IGP-DI recua 0,14% em agosto e tem alta de 28,21% em 12 meses

Testes, férias coletivas e outras medidas compõem o Plano de Contingência da empresa para prevenção, controle e redução de riscos de contágio

08/09/2021

O Índice Geral de Preços – Disponibilidade Interna (IGP-DI) fechou agosto com deflação de 0,14%, invertendo a direção tomada um mês antes, de avanço de 1,45%, informou a Fundação Getulio Vargas (FGV) nesta quarta-feira.

A mediana das estimativas de 19 consultorias e instituições financeiras ouvidas pelo Valor Data era de alta de 0,1%, com intervalo das projeções entre recuo de 0,20% e elevação de 0,58%.

Com este resultado, o índice acumula alta de 15,75% no ano e de 28,21% em 12 meses. Em agosto de 2020, o índice havia subido 3,87% e acumulava elevação de 15,23% em 12 meses.

“Apesar da queda registrada na taxa do IGP-DI, a inflação continua a pressionar a estrutura produtiva das empresas e o orçamento familiar. O resultado de agosto foi influenciado pela queda de 21,39% no preço do minério de ferro. Se tal variação fosse excuída do cálculo do IPA, o índice ao produtor registraria alta de 2,48%”, afirma André Braz, coordenador dos Índices de Preços, em comentário no relatório.

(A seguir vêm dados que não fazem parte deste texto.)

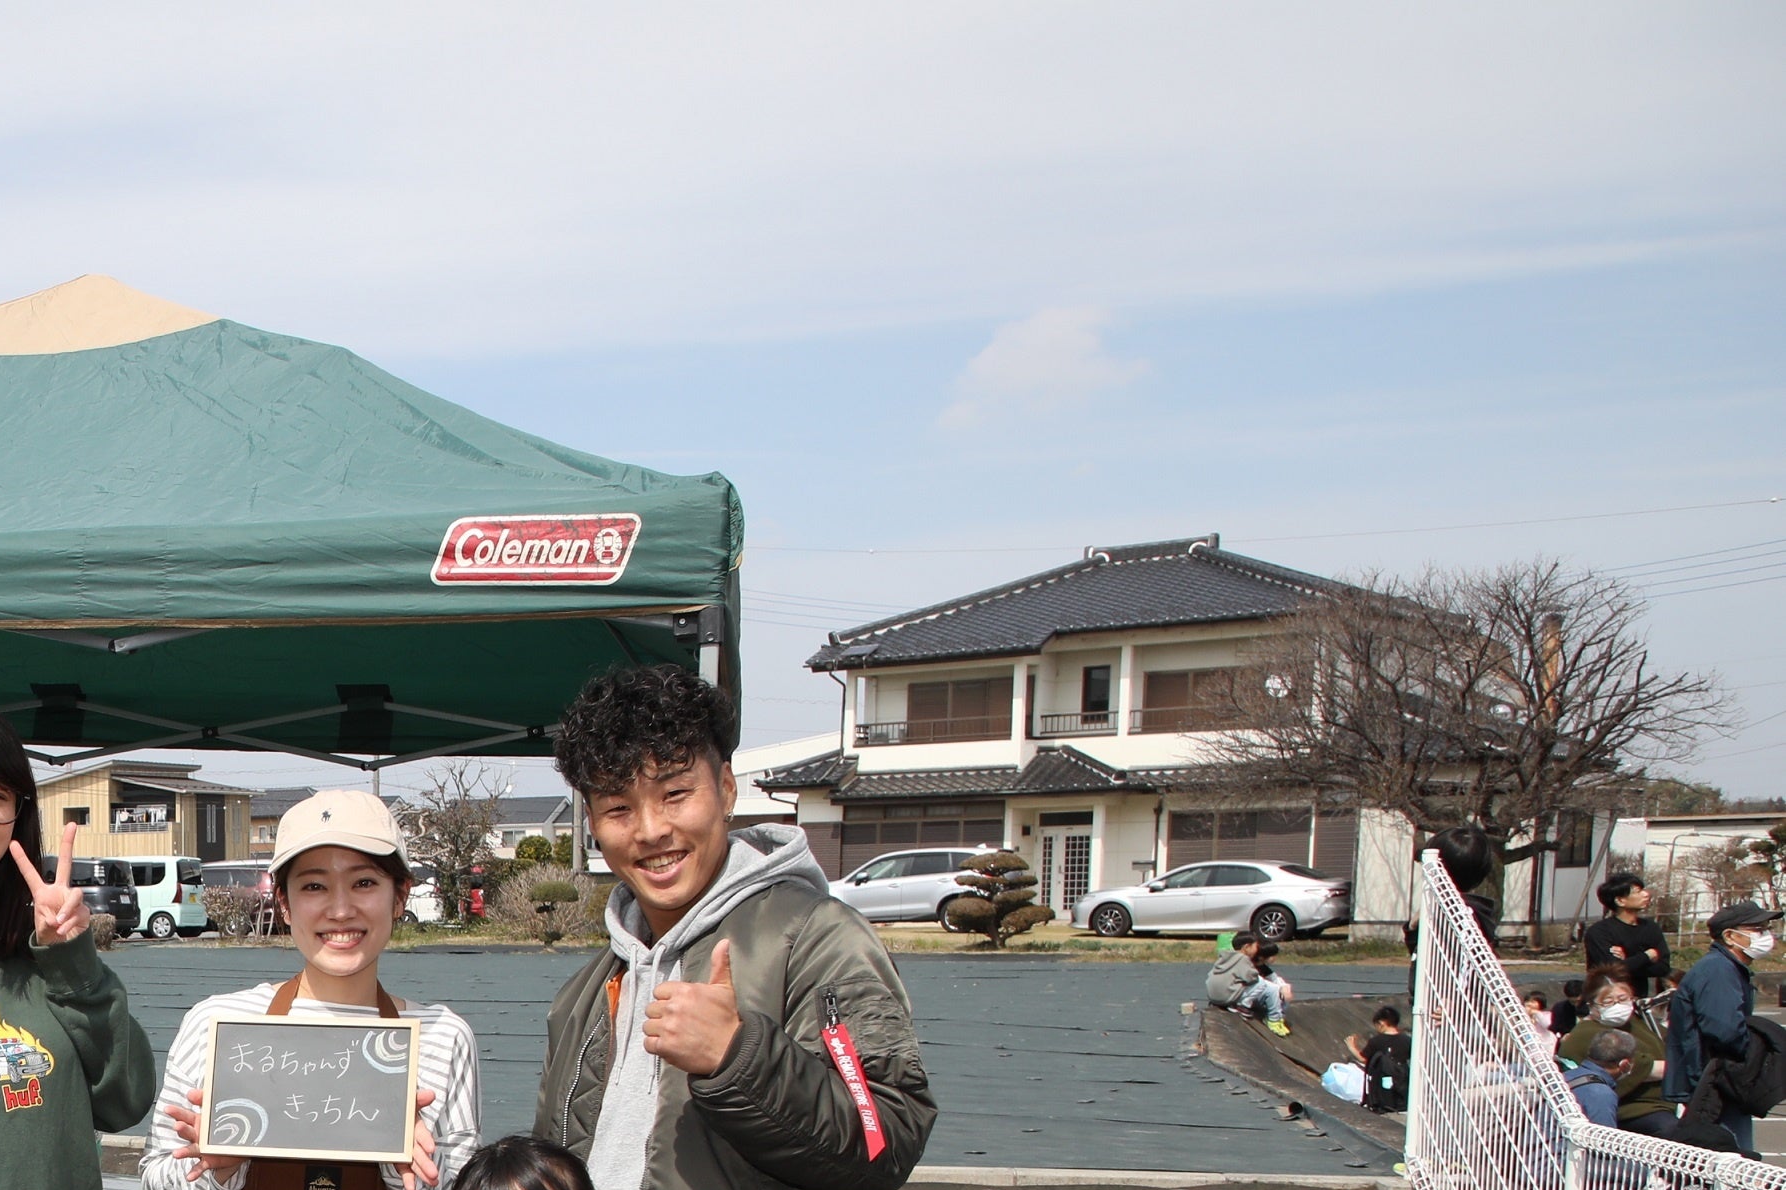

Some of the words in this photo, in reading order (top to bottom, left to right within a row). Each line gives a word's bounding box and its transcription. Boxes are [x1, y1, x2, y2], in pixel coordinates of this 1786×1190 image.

[454, 528, 591, 567] Coleman
[228, 1040, 360, 1079] まるちゃんず
[283, 1094, 381, 1125] きっちん
[838, 1054, 857, 1082] REMOVE
[850, 1081, 870, 1107] BEFORE
[860, 1109, 878, 1132] FLIGHT
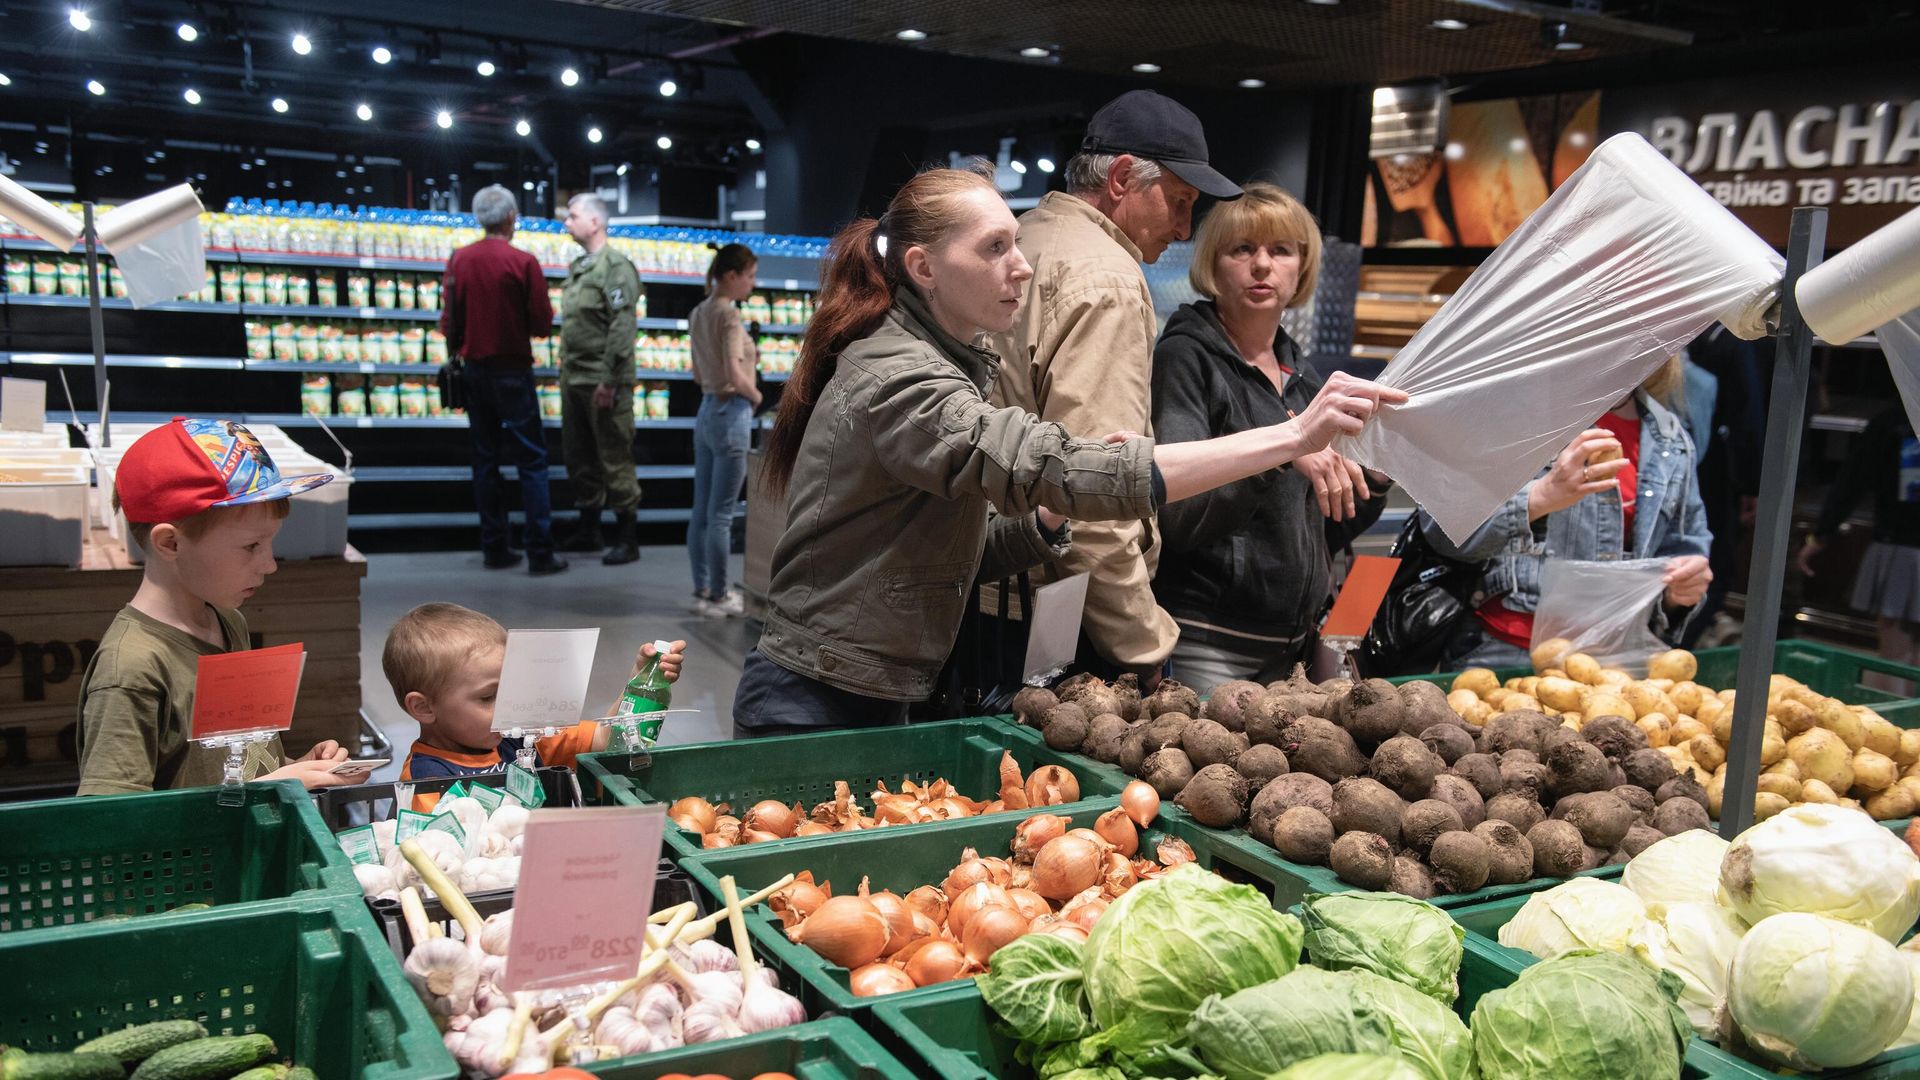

Com peso de 60%, o Índice de Preços ao Produtor Amplo (IPA) caiu 0,42% em agosto, após alta de 1,65% em julho. Na análise por estágios de processamento, a taxa do grupo Bens Finais passou de aumento de 1,50% em julho para 2,19% um mês depois. O principal responsável por este avanço foram os alimentos in natura (2,23% para 8,09%).

A taxa do grupo Bens Intermediários saiu de elevação de 1,61% em julho para 1,84% em agosto, refletindo o movimento do subgrupo materiais e componentes para a manufatura, cuja taxa passou de 0,58% para 1,89%.

O estágio das Matérias-Primas Brutas caiu 4,17% em agosto. Em julho, houve incremento de 1,79%. Contribuíram para este movimento os seguintes itens minério de ferro (0,60% para -21,39%), leite in natura (6,52% para 1,50%) e bovinos (0,46% para -0,24%). Em sentido oposto, vale citar soja em grão (2,84% para 4,25%), café em grão (7,44% para 15,10%) e arroz em casca (-4,47% para 6,57%).

Com peso de 30%, o Índice de Preços ao Consumidor (IPC) aumentou 0,71% em agosto, contra 0,92% em julho. Das oito classes de despesa componentes do índice registraram decréscimo em suas taxas de variação de um mês para outro Habitação (2,09% para 0,59%), Educação, Leitura e Recreação (1,42% para 1,03%) e Transportes (0,85% para 0,69%).

Nessas classes de despesa, vale mencionar o comportamento de tarifa de eletricidade residencial (7,80% para 0,93%), passagem aérea (13,11% para 7,25%) e gasolina (1,85% para 1,14%).

Em contrapartida, subiram mais Alimentação (0,78% para 1,25%), Saúde e Cuidados Pessoais (0,00% para 0,49%), Vestuário (0,08% para 0,38%) e Despesas Diversas (0,02% para 0,18%). Comunicação mudou de direção (-0,09% para 0,05%).

Essas classes de despesa foram influenciadas pelos seguintes itens: hortaliças e legumes (-0,17% para 4,25%), plano e seguro de saúde (-1,27% para 0,28%), acessórios do vestuário (-0,30% para 0,82%), cigarros (-0,48% para 0,27%) e tarifa de telefone móvel (0,00% para 0,34%).

O núcleo do IPC registrou taxa de 0,53% em agosto, ante 0,42% no mês anterior. Dos 85 itens componentes do IPC, 30 foram excluídos do cálculo do núcleo. Destes, 18 apresentaram taxas abaixo de 0,09%, linha de corte inferior, e 12 registraram variações acima de 1,49%, linha de corte superior.

O índice de difusão, que mede a proporção de itens com taxa de variação positiva, ficou em 78,06%, 13,22 pontos percentuais acima do registrado em julho, quando o índice foi de 64,84%.

Com os 10% restantes do IGP-DI, o Índice Nacional de Custo da Construção (INCC) avançou 0,46% em agosto, ante 0,85% no mês anterior. Os três grupos componentes do INCC registraram as seguintes variações na passagem de julho para agosto: Materiais e Equipamentos (1,28% para 1,01%), Serviços (0,87% para 0,47%) e Mão de Obra (0,48% para 0,00%).